On the day after we published “The Story of Deep Capture,” Cramer went on CNBC to say that illegal naked short selling is a big problem.

This was the first time he had ever said such a thing, and he didn’t mince words. Comparing today’s hedge fund crimes to the short selling that contributed to the great stock market crash of 1929, he said, “We know that there was a lot of time spent in the 30s analyzing this issue and deciding that it was very easy to create a bear raid…What I’m trying to eliminate is the kind of bear raid…where people didn’t borrow stock [i.e., where they conducted illegal naked short-selling].”

Cramer was quiet on the issue after that. But last week, the SEC issued an “emergency order” suggesting that naked short-selling had the potential to topple the American financial system.

That evening, Cramer said, for the second time in his career, that naked short selling is a big problem. He said that, in fact, all along, “We’ve been on a crusade on this show…it’s a crusade to bring back honest short-sellers…Right now hedge funds, if they don’t like a stock, can just attack it by calling brokers and punishing the stocks, blitzing them down [by selling stock that they have not borrowed – naked short-selling].”

Meanwhile, the rest of the CNBC staff went to lengths to suggest that short-sellers are good people who do no wrong – that the SEC’s emergency order was some kind of witch hunt. The folks at CNBC also seemed keen to erase their own culpability in the short-seller attack that is widely believed to have destroyed Bear Stearns.

Strangely, Charlie Gasparino, who has been one of the few CNBC reporters to acknowledge short-seller shenanigans (he once called Deep Capture reporter Patrick Byrne a “hero” for raising awareness of the problem), suddenly pronounced that people who believe that short-sellers destroyed Bear Stearns are all “morons” because hedge funds were pulling their money out of the bank “before all the CNBC chatter” [i.e., before CNBC’s David Faber sparked a panic by airing, as if it were fact, the scurrilous hedge fund lie that Goldman Sachs had cut off Bear’s credit].

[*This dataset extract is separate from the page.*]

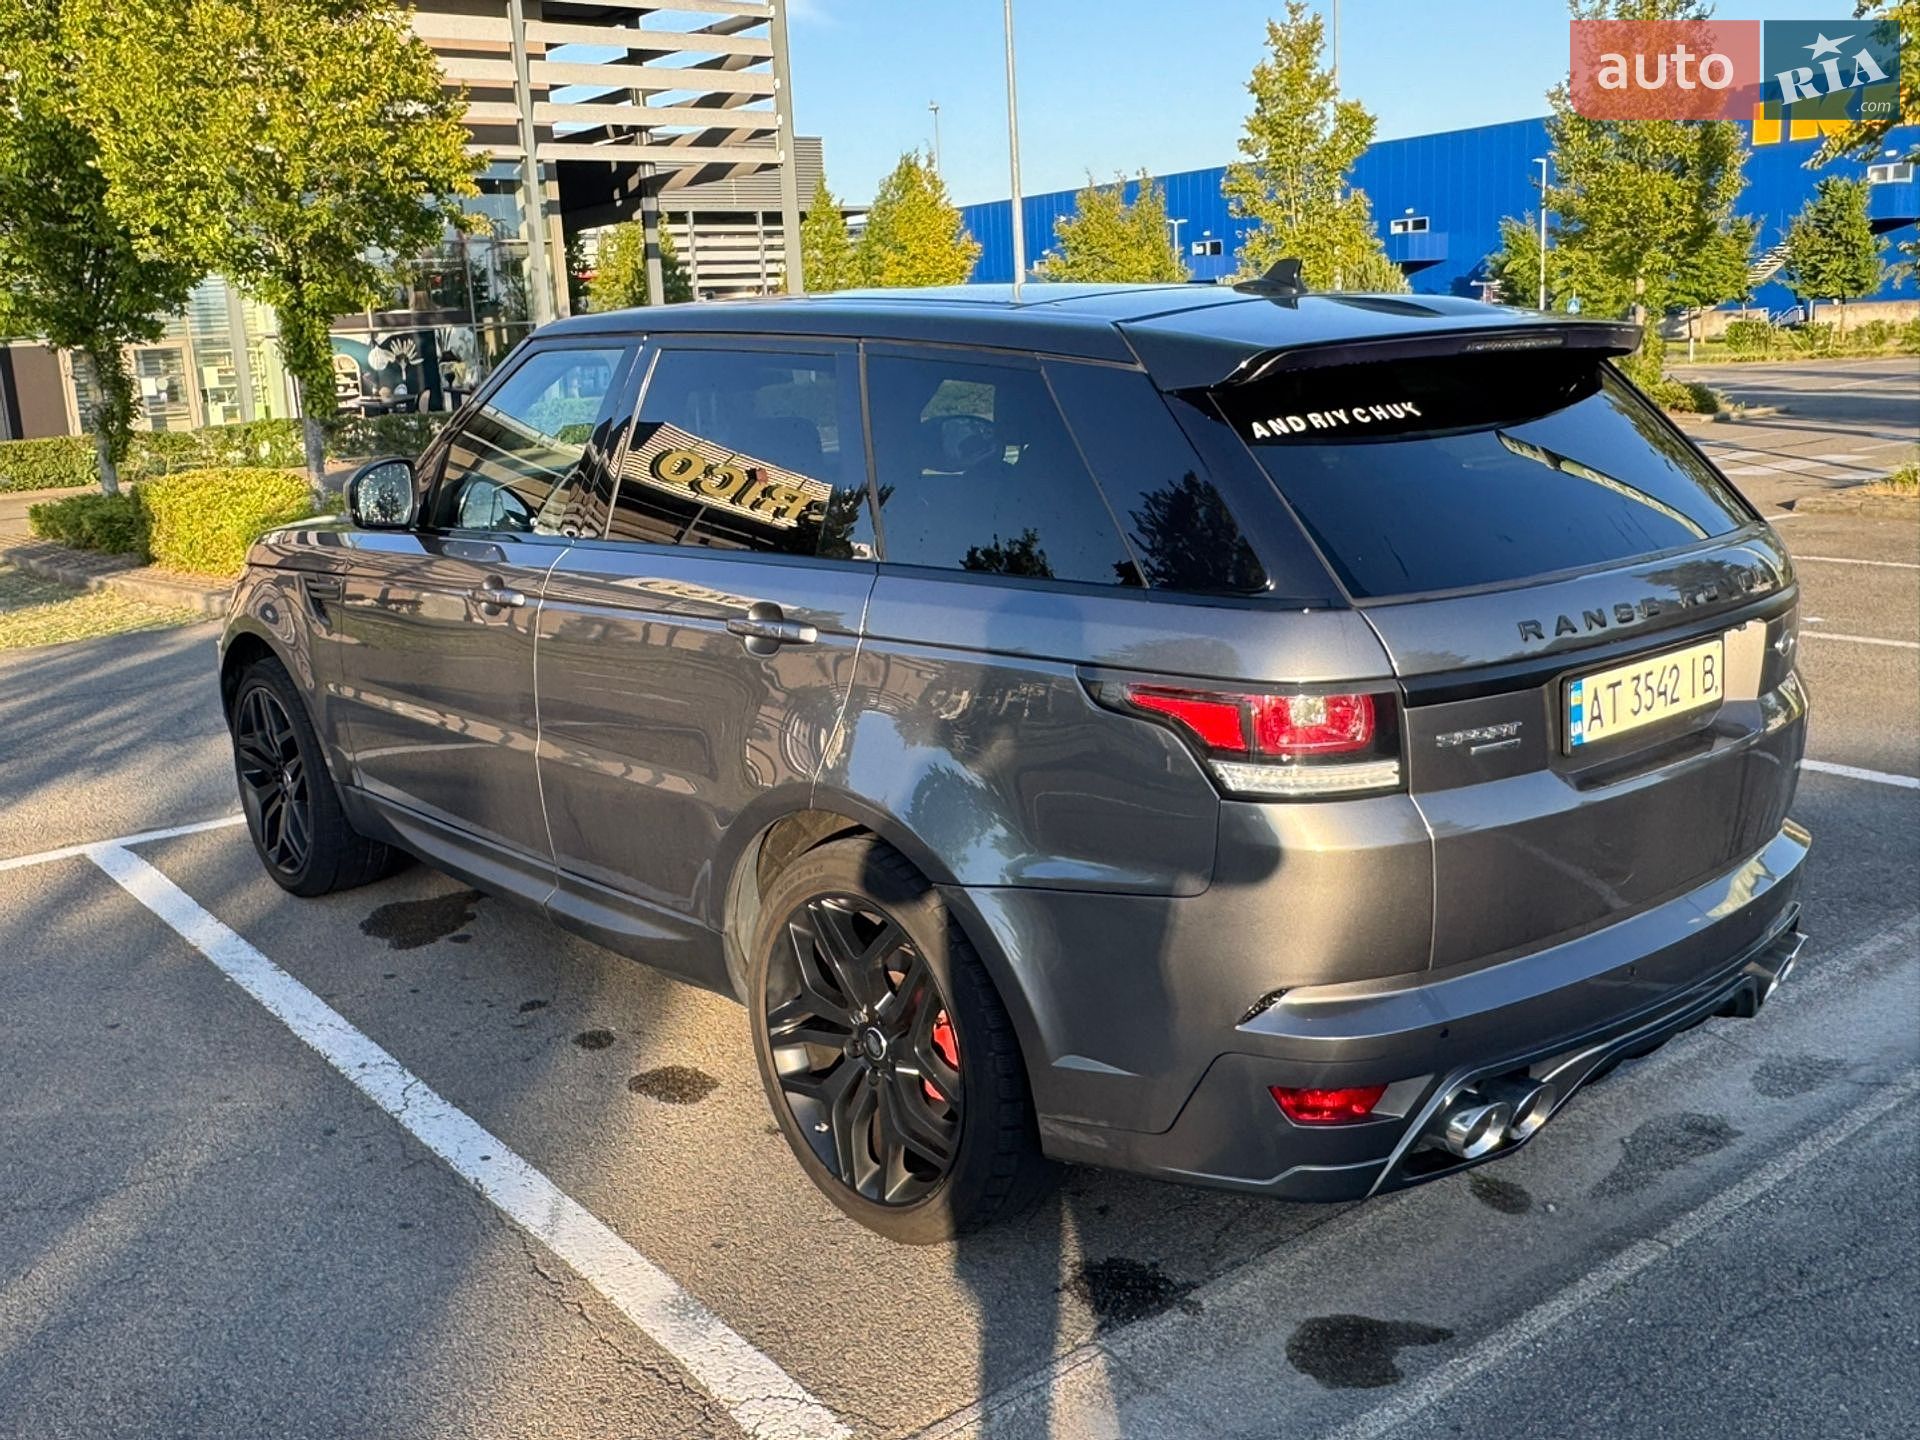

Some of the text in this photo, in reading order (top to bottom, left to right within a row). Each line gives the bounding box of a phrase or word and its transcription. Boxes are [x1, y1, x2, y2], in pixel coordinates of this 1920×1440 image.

[1517, 597, 1661, 642] RANGE
[1587, 654, 1715, 732] AT 3542 IB

This was somewhat in contradiction to Gasparino’s earlier suggestion that hedge funds had precipitated the demise of Bear Stearns. “If you look at the way Bear Stearns imploded,” he said in April, “it didn’t go down in a couple of months, it went down in a week. And if you look at what happened, it’s clients, which were hedge funds - these are the people that…trade with the firm. They precipitously started pulling cash while - while they were going short…”

Indeed, we challenge CNBC to name more than one hedge fund that had pulled out its cash before its reporter, David Faber, aired that well-timed fabrication on Wednesday, March 12 . We’ll say it again: The SEC should subpoena Faber to find out which hedge fund (perhaps illegally) fed him the false news.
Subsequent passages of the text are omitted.